I then took a half a mile walk (yes I logged it today) to my next appointment at the main U of U Hospital. Met with an OB from my new group of Drs and got an update on how things are going pregnancy wise.

Bridget is measuring at 31 weeks gestation which is perfect because I am 31 weeks along! Pregnancy is going well. It is looking like Bridget and I will make it to 39 weeks and that is when we plan on delivering. So, we won't have a leap day baby like we thought. But, if she can make it to 39 weeks, she will be born around the 22nd of February. Cross your fingers!

The Dr and I had a talk about depression. I let her know that I suffered pretty severely from "baby blues" after my other pregnancies and I can already feel the depression setting in right now with all that is going on. We talked about the real effects that depression can have and how things might be heightened with our current situation. She warned me that I might find that I feel guilty a lot after Bridget is here. (If I am with my two toddlers at home I might feel I am abandoning my baby in the NICU, or if I am visiting my baby in the NICU I might feel I am abandoning my two kids at home). I let her know the guilt I was already feeling because it is MY autoimmune disease that caused her this harm in the first place. We talked a lot of about real feelings and it was really nice of her to go into details and examples with me. Makes me feel more normal and it helps me be aware of some feelings that could come up in the future. Depression is a VERY real thing and I am so glad to have a Dr that understands and can help. She started me on some antidepressants and I am so glad they are safe for baby and safe for me to start right now! It takes a few weeks for them to really take effect so I am glad I can start even before Bridget gets here, it makes me feel more calm.

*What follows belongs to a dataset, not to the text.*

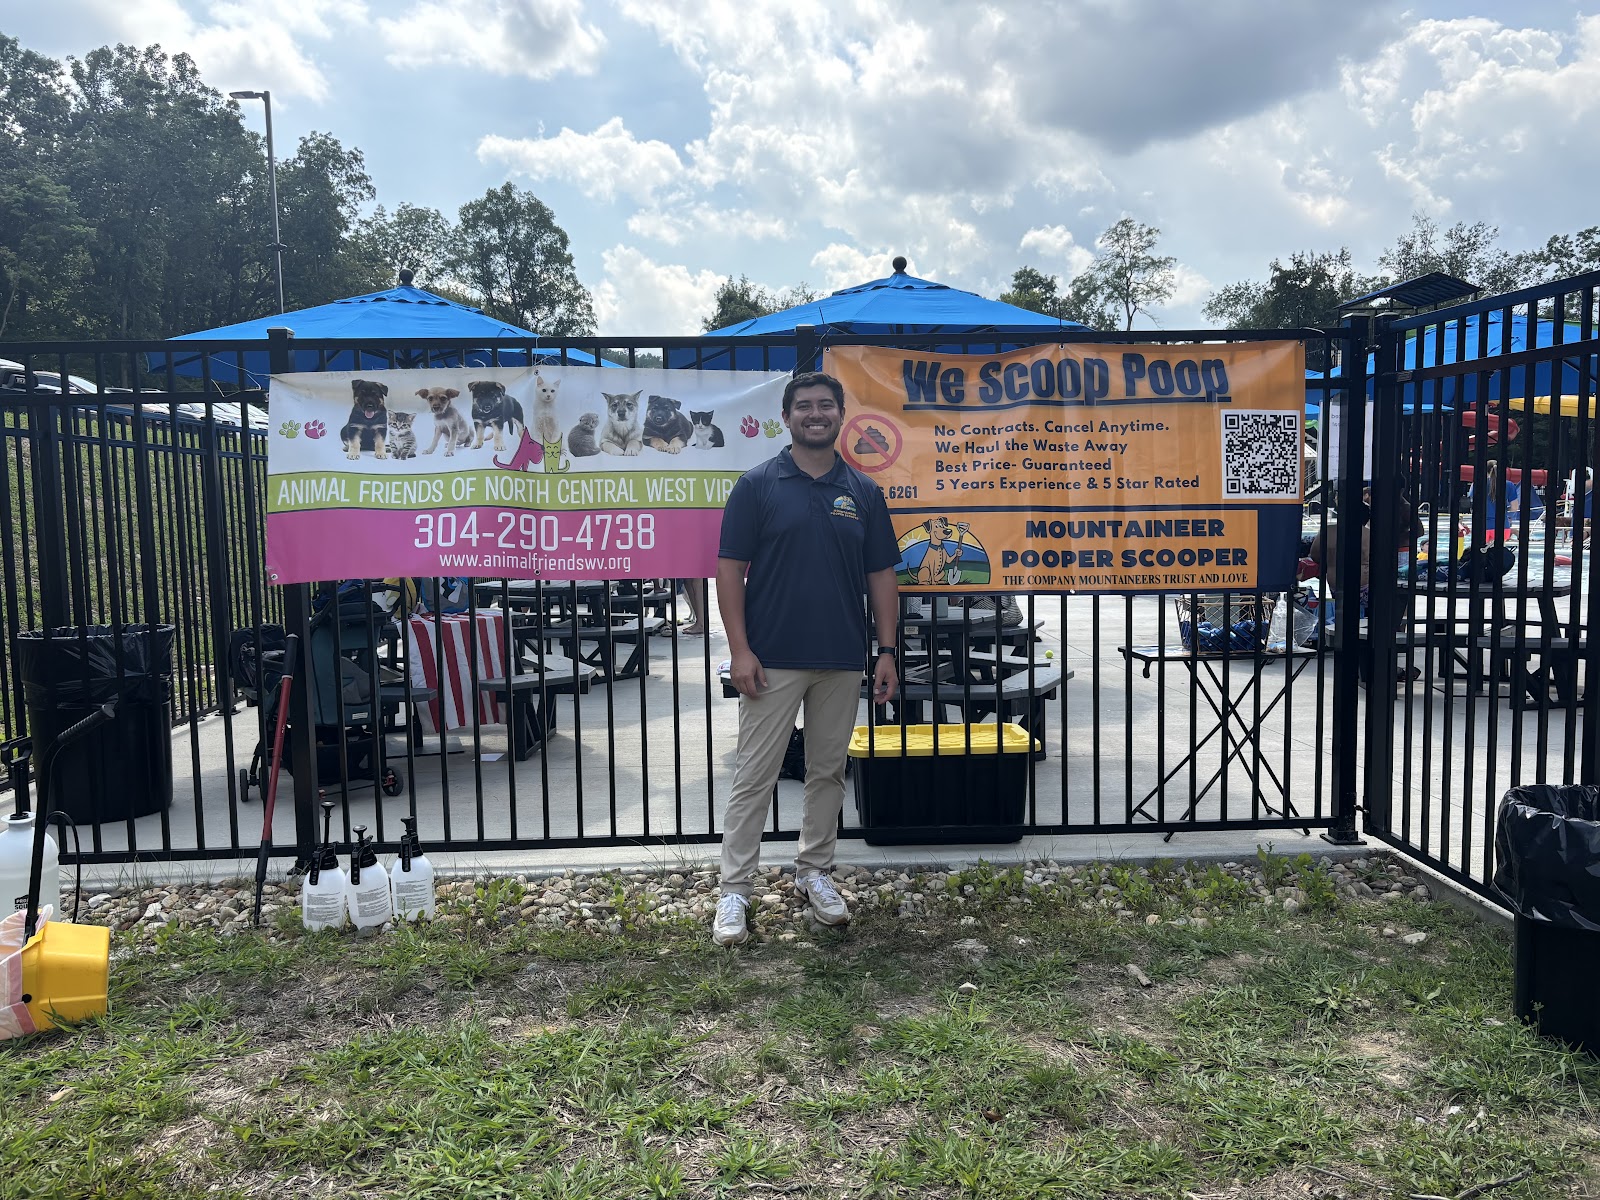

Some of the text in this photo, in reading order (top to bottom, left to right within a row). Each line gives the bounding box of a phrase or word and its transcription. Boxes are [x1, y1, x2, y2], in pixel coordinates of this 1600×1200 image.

Once I finished up there I was sent downstairs to have some blood drawn. My bloodwork from two weeks ago had high thyroid levels. Which could mean I have hyperthyroidism. This is easily medicated and could even be only a temporary thing but if we are having "real talk" I will tell you the news hit me a little hard. I am tired of new diagnosis coming my way. I am tired of adding on medications.  But, we will just have to wait for the test results and go from there. Take it one thing at a time, right?

After I had my blood drawn I made my half mile walk back down to my car and headed out. Bridget is stable and is doing well. I am to keep up with my fetal movement monitoring every day, up my calorie intake and rest when I feel my body needs it. Just need to keep her in there another 8 weeks!

The next echo isn't for 4 more weeks! I do have other appointments between now and then to keep an eye on things, but it is really good that they feel comfortable enough to wait for the next echo. Good job Bridget! Keep fighting girl!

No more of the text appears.